Si nous reviendrons plus tard sur ce que nous raconte Mouse, il faut savoir que le jeu met en scène quasi exclusivement des rongeurs, et tous les personnages sont représentés en 2D. Par conséquent, peu importe comment vous vous déplacez dans l'espace de jeu, les modèles des personnages vous feront toujours face. Une sensation légèrement perturbante au début mais avec laquelle on finit par s'amuser. Les décors, eux, sont intégralement en trois dimensions, et ne jurent jamais avec les modèles des personnages. Ce mélange des dimensions s'harmonise particulièrement bien, et il faut avouer que la prouesse visuelle est tenue jusqu'à la fin. Le jeu se permet même quelques surprises qui, on l'avoue, font leur petit effet “wow!”. 

Il y a aussi un certain adage qui dit que “l'important ce n'est pas la destination, mais le voyage”, un adage que prennent à coeur les polonais en nous faisant visiter un bon nombre de niveaux aux allures bien différentes : les coulisses des grands studios de cinéma, des manoirs, l'Opéra, des quais de port… On est régulièrement surpris par la générosité qu'offre le jeu à travers les endroits qu'il nous propose de traverser, et qui pousse toujours à continuer l'aventure pour découvrir de nouveaux espaces. On note aussi une excellente bande originale, jazzy comme il faut et toujours dans le ton. Le thème principal risque d’être gravé dans ma tête et on apprécie une utilisation de la musique classique particulièrement efficace.

Une histoire râpée ? 

Mouse : P.I For Hire est une histoire de flics corrompus, de politique véreux, de mafia, et au milieu de tout ça : Jack Pepper. Jack Pepper est un détective privé qui se retrouve plongé dans une affaire qui le dépasse à Sourisville. À l'origine embauché par une journaliste pour enquêter sur la disparition d'un magicien, l'enquête tourne rapidement au vinaigre quand Jack se retrouve agressé de toute parts par des brigands, c'est ainsi qu'il comprend que cette disparition cache bien plus qu'elle ne laisse paraître. 

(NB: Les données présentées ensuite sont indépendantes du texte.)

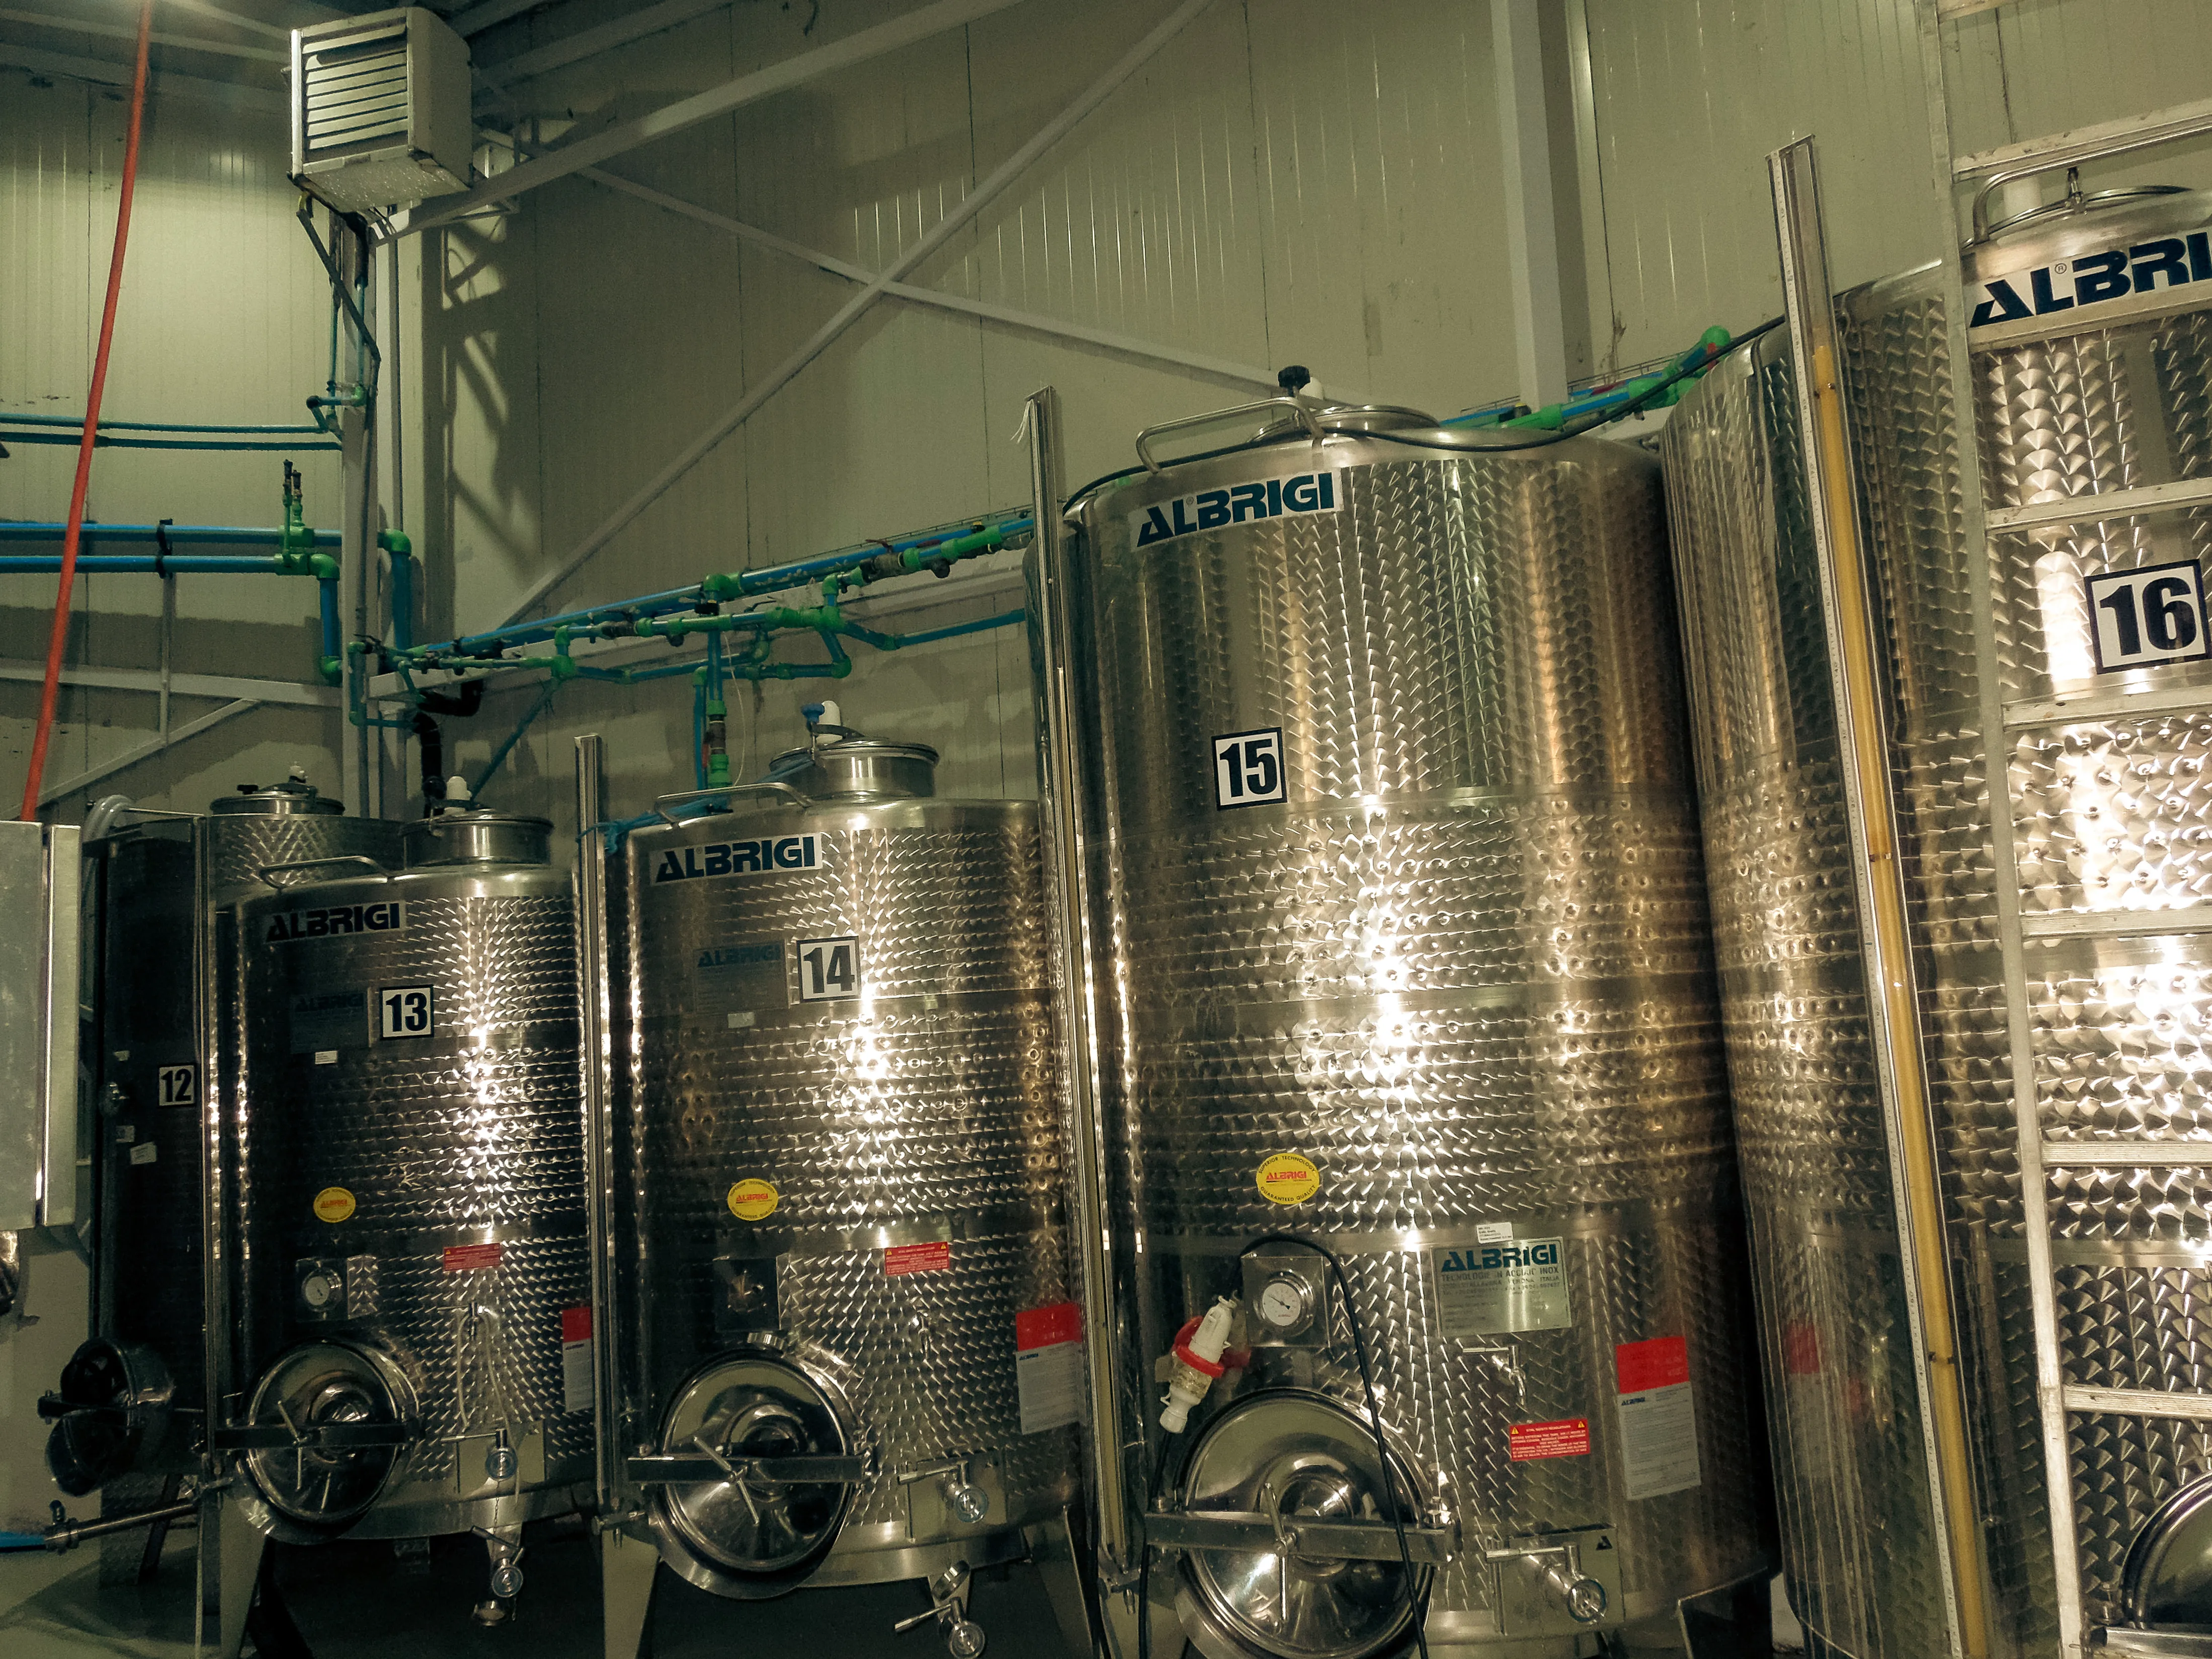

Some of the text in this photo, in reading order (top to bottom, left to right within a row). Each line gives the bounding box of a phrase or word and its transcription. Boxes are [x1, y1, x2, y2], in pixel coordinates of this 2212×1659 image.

[1970, 232, 2212, 328] ALBRI
[1136, 472, 1335, 547] ALBRIGI
[2100, 577, 2197, 656] 16
[1219, 739, 1278, 798] 15
[656, 836, 815, 883] ALBRIGI
[266, 903, 400, 942] ALBRIGI
[803, 945, 855, 994] 14
[385, 993, 428, 1032] 13
[162, 1069, 192, 1102] 12
[1266, 1171, 1306, 1180] ALBRIGI
[1282, 1156, 1316, 1172] TECHNOLOGY
[1296, 1185, 1316, 1200] QUALITY
[1441, 1244, 1558, 1273] ALBRIGI
[1540, 1266, 1559, 1275] INOX

Étonnamment, Mouse : P.I For Hire se distingue par une narration plutôt soignée, fortement inspirée des films noirs, et n'hésitant jamais à grossir le trait d'un genre éculé, forçant chaque cliché et usant habilement de l'humour pour nous garder en éveil (à noter d'ailleurs un excellent travail de localisation). On va finir par se prendre au jeu, et suivre cette histoire rocambolesque, qui aborde plus de thèmes qu'on ne peut l'imaginer. À travers son univers de souris, Fumi Games évoque la guerre et ses conséquences, la ségrégation, la déportation, les violences policières… des thèmes importants qui malheureusement ici ne trouvent jamais vraiment leur place. Car oui, c'est dur de faire coexister les atrocités précédentes dans un jeu où on fait des blagues sur le fromage toutes les trois phrases. 

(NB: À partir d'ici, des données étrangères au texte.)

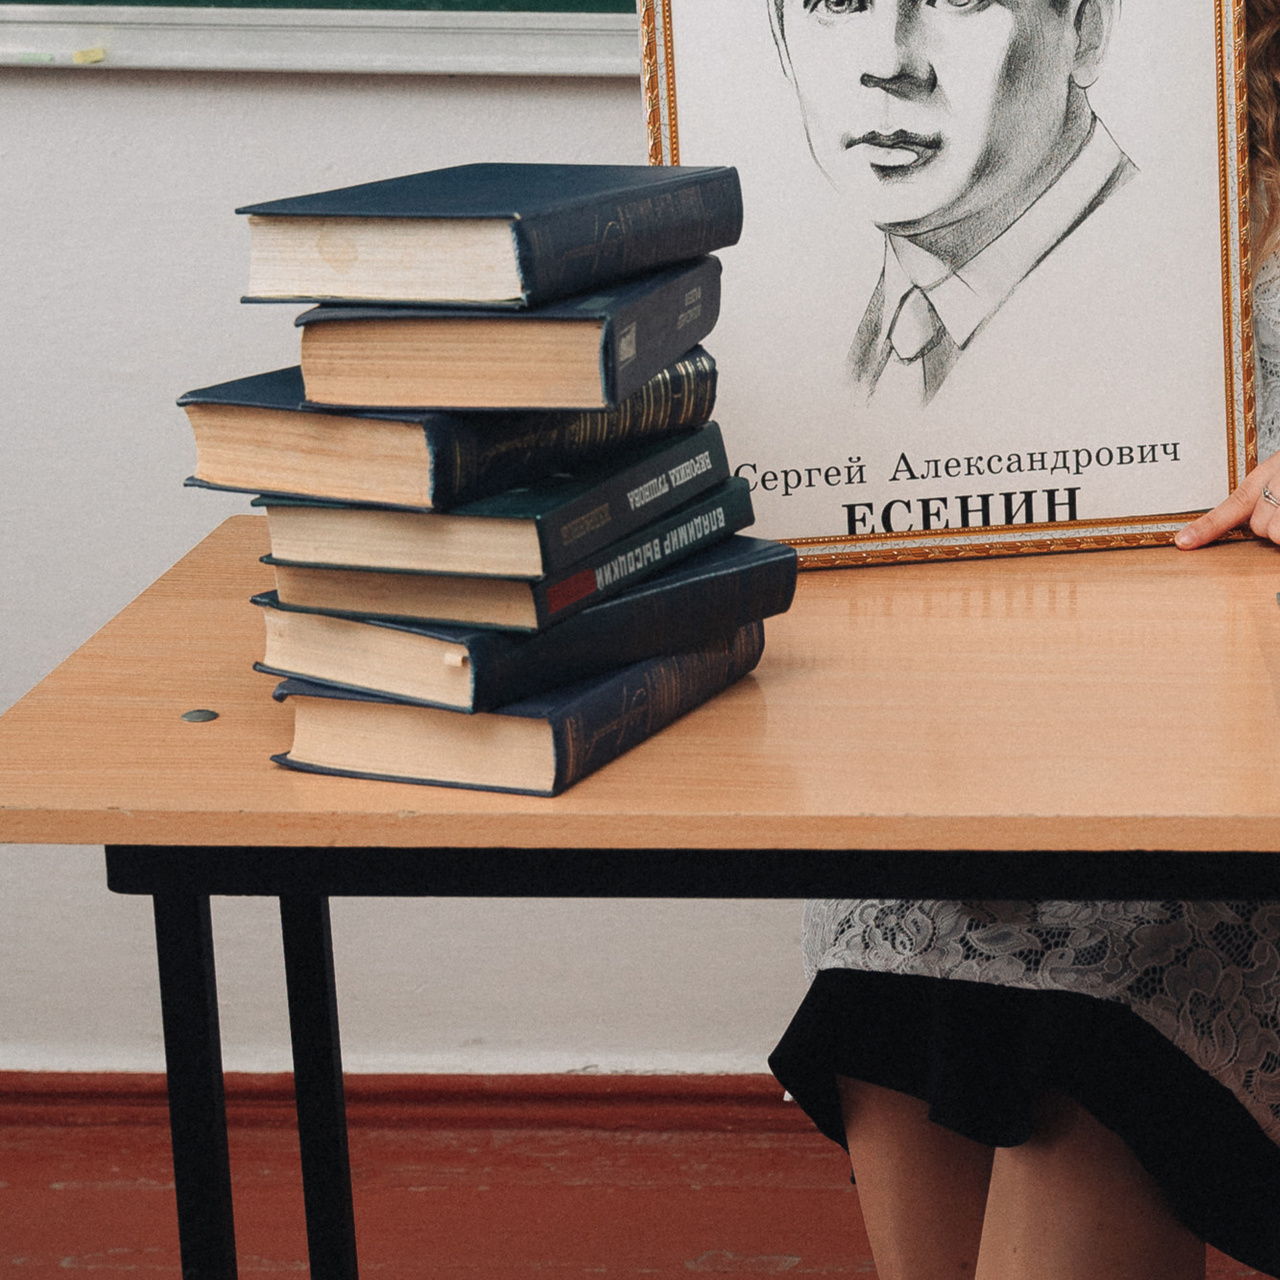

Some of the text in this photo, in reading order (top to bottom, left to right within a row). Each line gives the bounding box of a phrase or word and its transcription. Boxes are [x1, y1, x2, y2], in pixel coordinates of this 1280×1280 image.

[669, 451, 712, 488] ВЕРОНИКА
[734, 440, 1182, 497] Сергей Александрович
[664, 507, 726, 554] ВЛАДИМИР
[842, 486, 1081, 536] ЕСЕНИН
[594, 538, 661, 591] ВЫСОЦКИЙ

Sans vraiment tomber complètement à plat, tout ce que souhaite raconter sérieusement le jeu est balayé par son enrobage qui ne sied vraiment pas aux thématiques. Je n'ai pas pu m'empêcher pendant l'aventure de penser à l'excellent roman graphique Maus d'Art Spiegelman, qui retransmet l'horreur des camps d'extermination nazis à travers des personnages représentés en souris. Sauf que Mouse : P.I For Hire n'a jamais le courage d'aller au bout de son propos, préférant envoyer son personnage aller boire une fondue au bar plutôt que de s'attarder sur ce qui ne tourne pas rond dans son univers. Mouse reste tout du moins agréable à suivre, porté par un casting très convaincant, Troy Baker en tête, qui semble prendre un malin plaisir à incarner cette souris détective désabusée qui enchaîne les bons mots. 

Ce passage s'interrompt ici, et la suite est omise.